Tutorial 5: Molecular Dynamics and Water Models - Pair Correlation Functions in TIP3P and TIP4P Water


This example simulates one of the most common test systems imaginable, viz., a box of water in the canonical (NVT) ensemble. We will test two different water models: the ubiquitous three-site TIP3P model and the slightly less common four-site TIP4P model both developed by the Jorgensen group (references).
Water is a dense (about 1g·cm-3), polar liquid characterized by high cohesion, i.e., very strong intermolecular forces through hydrogen bonds. It has many unique properties experimentally that are not touched upon here. So far, all the tutorials used Monte Carlo simulation techniques. While in the early days of simulation work it was rather common to simulate dense simple liquids using Monte Carlo, it is important to understand that fundamentally this is close to a worst-case scenario in terms of applications for MC due to the complete coupling of all degrees of freedom in the system. For more details on this, consult this recent reference. Conversely, correlation between degrees of freedom is most naturally introduced by gradient-based methods, such as molecular dynamics. Therefore, we will use this tutorial as an introduction to the use of dynamics methods in CAMPARI. Given the simplicity of the system, you should feel free to run this as a Monte Carlo simulation as well.
The structure of liquids is most commonly analyzed by site-site pair correlation functions. Here, we will introduce you to CAMPARI's analysis facility and show how to generate data that is directly comparable to published reference data for these water models.

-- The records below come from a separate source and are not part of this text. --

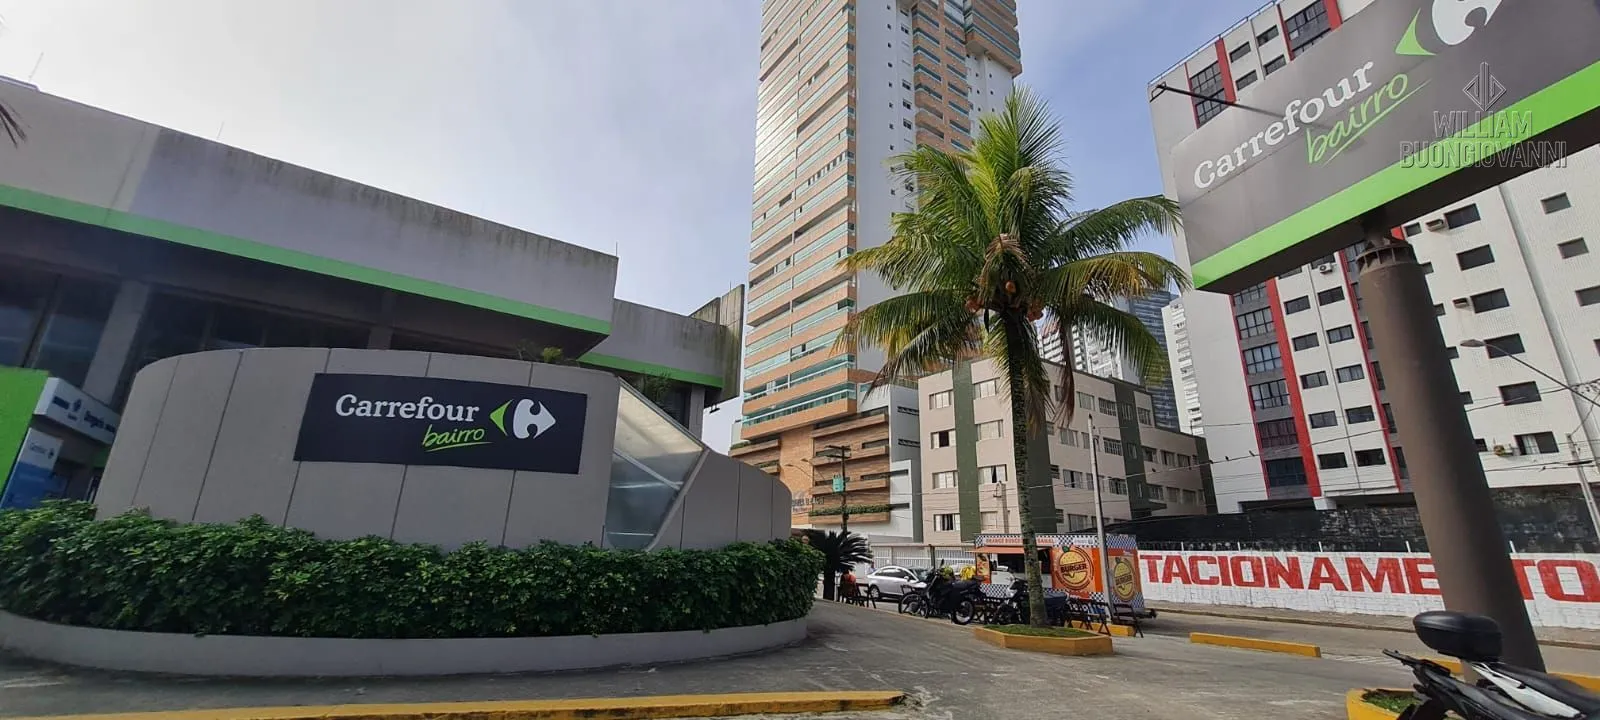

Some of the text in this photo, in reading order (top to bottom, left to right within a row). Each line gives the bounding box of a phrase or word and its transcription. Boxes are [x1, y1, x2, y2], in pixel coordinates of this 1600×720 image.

[1194, 61, 1374, 189] Carrefour
[1305, 73, 1408, 165] bairro
[335, 393, 479, 422] Carrefour
[422, 424, 485, 447] bairro
[1060, 562, 1087, 574] BURGER

Step 1 - Set size and determine number of water molecules to be used

First, create two empty directories (one for each water model). Let us assume you start with TIP4P. Here, we choose a 32.0x32.0x32.0Å periodic, cubic box:

FMCSC_SIZE 32.0 32.0 32.0
FMCSC_SEQFILE <full path to working directory for TIP4P>/T4P.seq

You should be able to compute the number of water molecules yourself with the knowledge that the in silico density at room temperature is extremely close to 1g·cm-3 for both TIP3P and TIP4P. However, remember that in case the density is only approximately known, it is always safer to i) use overall larger boxes, and ii) err in the setup of an NVT simulation on the lower density side (take a few molecules less). This reduces the impact of pressure artifacts. Now create two sequence files in the respective directories with the corresponding number of entries for either "T3P" or "T4P" and both terminated by "END". Call them T3P.seq and T4P.seq, respectively.

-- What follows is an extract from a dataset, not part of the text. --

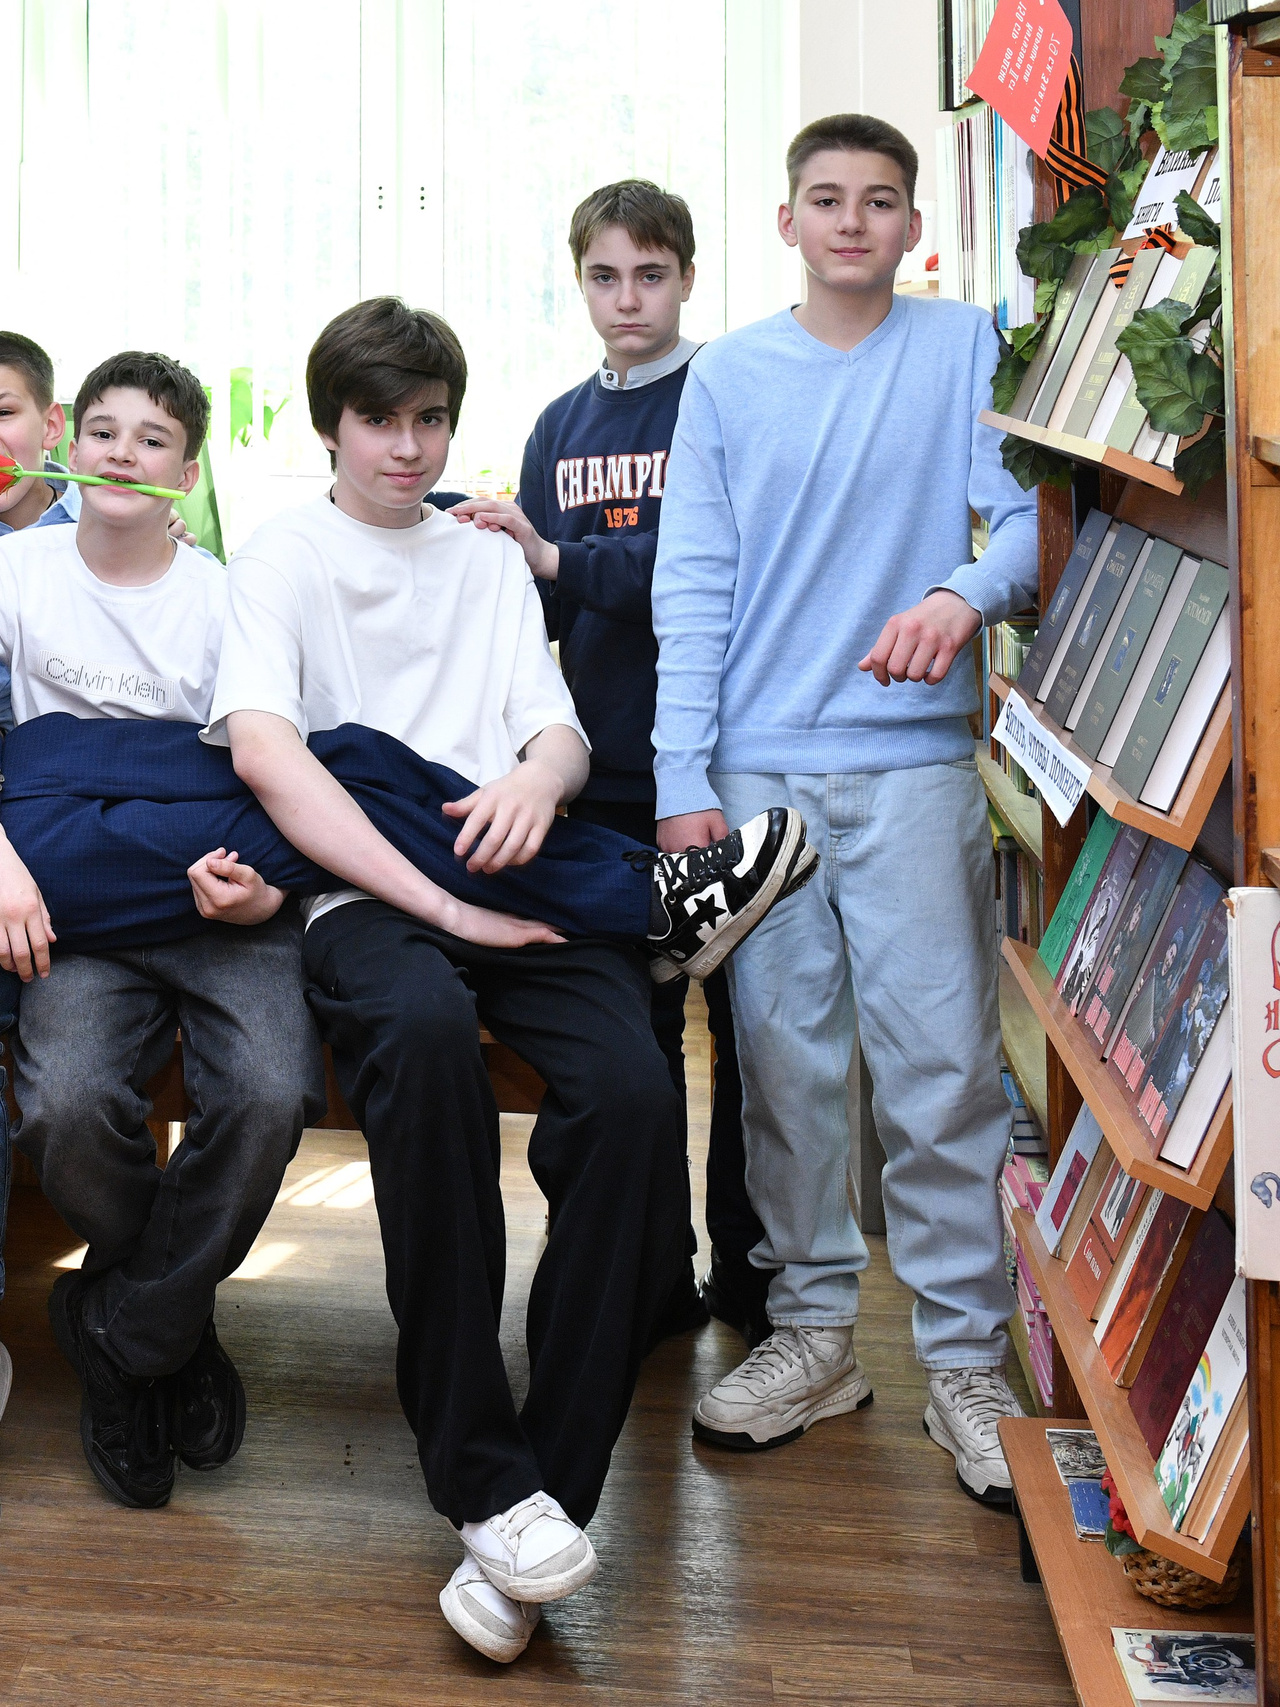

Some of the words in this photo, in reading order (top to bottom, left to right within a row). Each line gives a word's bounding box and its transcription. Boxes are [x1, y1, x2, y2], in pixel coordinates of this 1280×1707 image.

Step 2 - Define interaction model and cutoff scheme

The original TIP3P and TIP4P models are available - for instance - through the OPLS-AA/L parameter file. Therefore, we can copy and paste straight from the documentation:

PARAMETERS <full path to CAMPARI directory>/params/oplsaal.prm

Note that some keywords were dropped that are not directly applicable to the present example. One tricky aspect about the use of periodic boundary conditions is that the interaction model has to be truncated at a specific distance (less than half the shortest box length, i.e. 16Å in our case). This is commonly achieved by a cutoff scheme. The reason lies in the typically used minimum-image convention, i.e. the convention that each particle interacts only with a single copy of another particle present in the actual simulation cell, but that its copy is chosen as the nearest image. If the interaction model were truncated at a longer distance, it would become necessary to compute interactions with multiple images so as to avoid completely artificial cutoff asymmetries from occurring:

FMCSC_N2LOOP 0 # avoid evaluations of full N^2 sums for energies

The above instructs CAMPARI to use grid-based cutoffs. During dynamics, all non-bonded interactions will be truncated at 12.0Å with electrostatic contributions being "switched" to be exactly zero at that distance via the reaction-field method. The implied dielectric of 78.2 (default) is not enough to avoid force discontinuities at the cutoff distance, however. There is no twin-range (distance regime for interactions to be computed less frequently) because this technique is not compatible with the reaction-field method. Grid- or cell-based methods underlie all common and efficient ways of maintaining neighbor lists during molecular simulations in dense fluids, and these are what makes cutoffs work efficiently. One of the results examined in this tutorial depends on the choice for the overall cutoff.

Step 3 - Set OpenMP options

While small, the system we use can benefit from CAMPARI's OpenMP-based threads parallelization a lot. You may have used the threads parallelization in earlier tutorials for MC simulations. For gradient-based calculations, dynamic load balancing (DLB) becomes important as it applies to most aspects of the major CPU time consumer, viz., the force calculation.

FMCSC_NRTHREADS 4 # if you can allow it, set it to the number of physical or even logical cores in your system (hyperthreading can be beneficial)
FMCSC_THREADS_VERBOSE 1 # level of diagnostic output
FMCSC_THREADS_DLB_FREQ 500 # restarts DLB segments every X steps
FMCSC_THREADS_DLB_STOP 300 # stops DLB for each segment after X steps
FMCSC_THREADS_DLB_EXT 1 # accumulate load data over X steps for DLB adjustments

As mentioned in the comment above, you should set the number of threads to a value appropriate for your system. Modern many-core architectures can provide tens of cores in a single shared-memory environment. The settings for dynamic load balancing are chosen such that it operates pretty much continuously. This is because the loads experienced by individual threads often vary through factors that can be controlled poorly, e.g., cache use, hardware mapping and scheduling, or the presence of competing processes.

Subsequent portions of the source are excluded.